In March, Lonestar began flowback operations on 2.0 gross / 2.0 net wells on its Horned Frog property, the Horned Frog AE A2H and Horned Frog AE B3H. Lonestar has a 100% WI / 78% NRI in these wells. These new wells have since cleaned up after flowback and registered the following Max-30 rates which average 1,761 BOE/d. Production was comprised of 53% crude oil and NGLs on an equivalent basis which is the highest liquid concentration to date at our Horned Frog Proper location.
Horned Frog AE A2H – With a 12,460’ perforated interval, the #A2H recorded Max-30 rates of 480 Bbls/d oil, 450 Bbls/d of NGLs, and 4,822 Mcf/d, or 1,733 BOE/d on a three-stream basis. Horned Frog AE B3H – With a 12,170’ perforated interval, the #A2H recorded Max-30 rates of 473 Bbls/d oil, 472 Bbls/d of NGLs, and 5,059 Mcf/d, or 1,788 BOE/d on a three-stream basis.Also in March, Lonestar commenced flowback operations on 2.0 gross / 2.0 net wells on its Beall Ranch property, the Beall Ranch #14H and #15H. Lonestar has a 98% WI / 73% NRI in these wells. These new wells have since cleaned up after flowback and registered the following Max-30 rates which average 711 BOE/d:
Beall Ranch #14H – With a 9,027’ perforated interval, the #A2H recorded Max-30 rates of 598 Bbls/d oil, 34 Bbls/d of NGLs, and 245 Mcf/d, or 672 BOE/d on a three-stream basis. Beall Ranch #15H – With an 8,649’ perforated interval, the #A2H recorded Max-30 rates of 660 Bbls/d oil, 41 Bbls/d of NGLs, and 297 Mcf/d, or 750 BOE/d on a three-stream basis.EAGLE FORD SHALE TREND - CENTRAL REGION
In our Central Region, 1Q20 production averaged approximately 7,281 BOE/d, a 35% increase over 1Q19 rates. Production consisted of 4,690 barrels of oil per day (64%), 1,344 barrels of NGLs per day (18%), and 7,486 Mcf of natural gas per day (17%). The growth in production is largely driven by development of our Cyclone/Hawkeye assets in Gonzales County. The Central region accounted for 50% of the Company’s production during the quarter.

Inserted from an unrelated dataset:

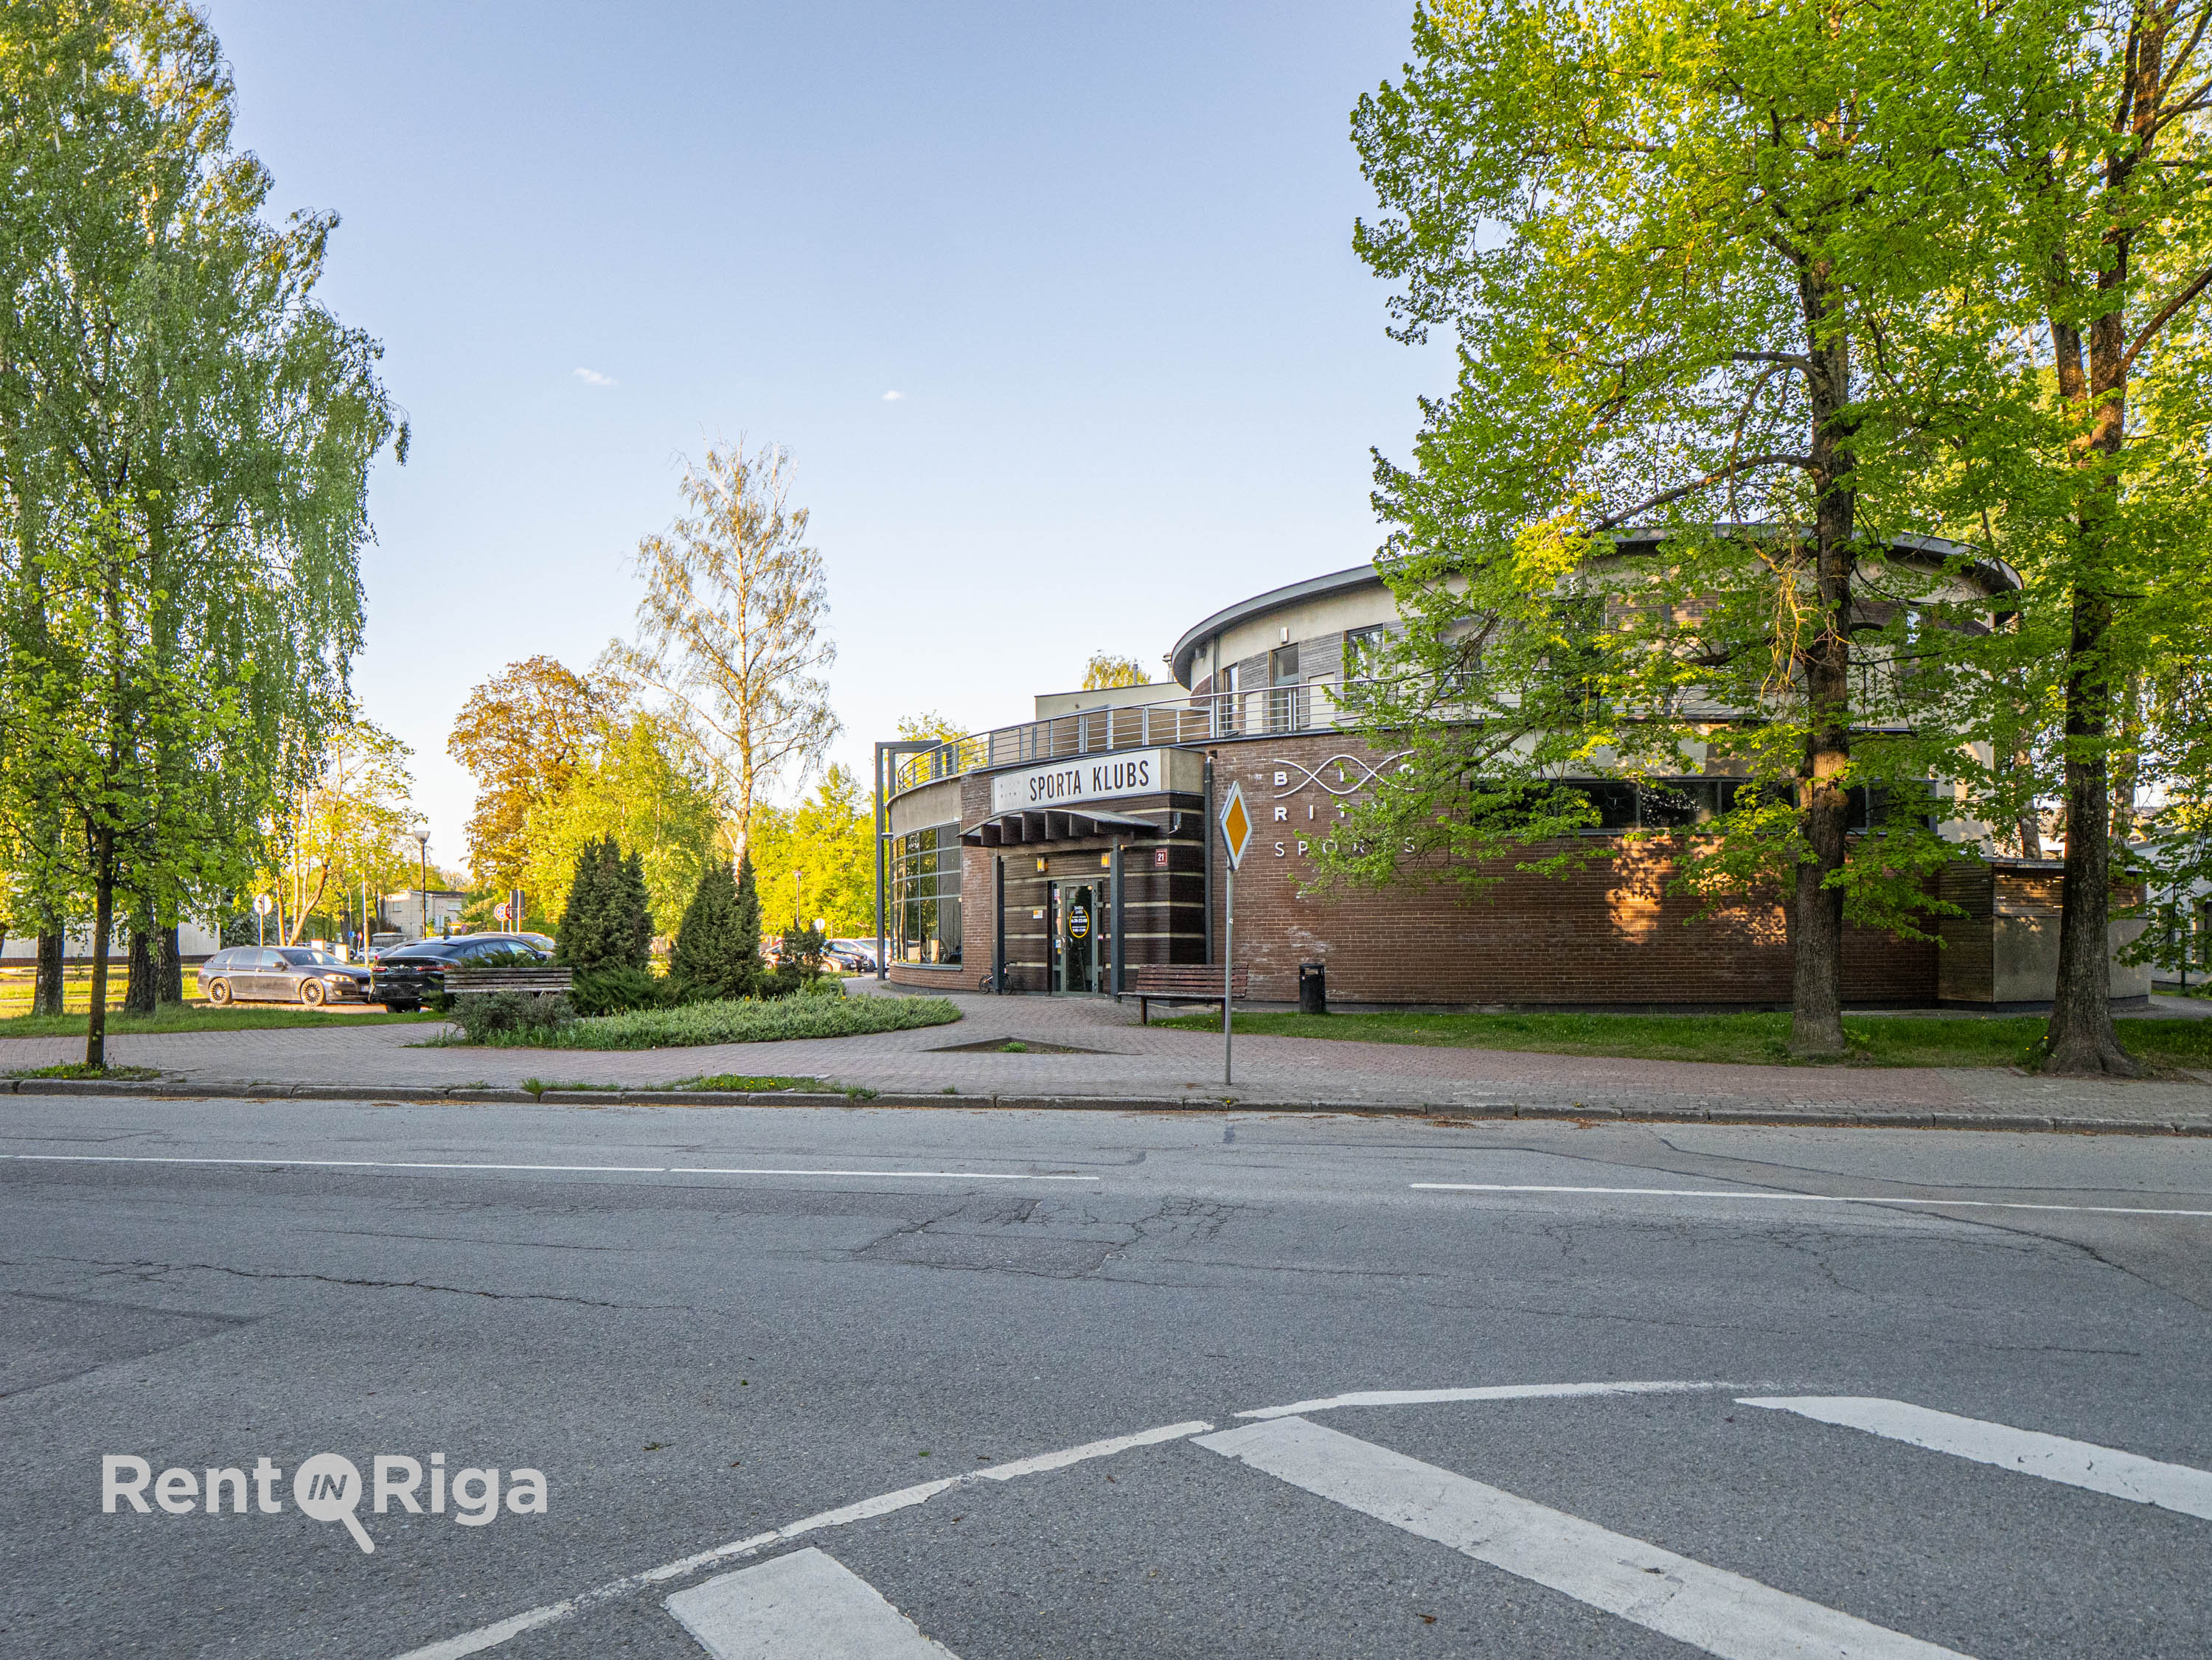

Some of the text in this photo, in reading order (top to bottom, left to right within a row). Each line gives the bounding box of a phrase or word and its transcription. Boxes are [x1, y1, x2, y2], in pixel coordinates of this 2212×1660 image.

In January, Lonestar began flowback operations on 3 gross / 3.0 net wells, the Cyclone 23H, Cyclone 36H, and Cyclone 37H. These wells recorded maximum rates over a 30-day period (“Max-30 rates”) of 638 BOE/d, 90% of which was crude oil. Now, through their first 120 days of production, these wells have produced an average of 48,000 BOE, which is in-line the 8 previous wells drilled at our Cyclone area, despite being up dip to our other producers. The Company holds an 80% working interest (“WI”) / 61% net revenue interest (“NRI”) in these wells.
In June, the Company began flowback operations on the Hawkeye #14H, Hawkeye #15H, and Hawkeye #16H. These wells were drilled to total measured depths of 21,221, 20,924, and 20,228 feet, respectively. The Hawkeye #14H, #15H, and #16H wells were fracture-stimulated in engineered completions using diverters with an average proppant concentration of 1,827 pounds per foot over 37, 36 and 34 stages, respectively. Lonestar currently holds a 90% WI / 67% NRI in these wells.
These wells are the first 3 wells completed on the previously announced JDA leasehold and these wells have set records as the largest oil producers in the Company’s history.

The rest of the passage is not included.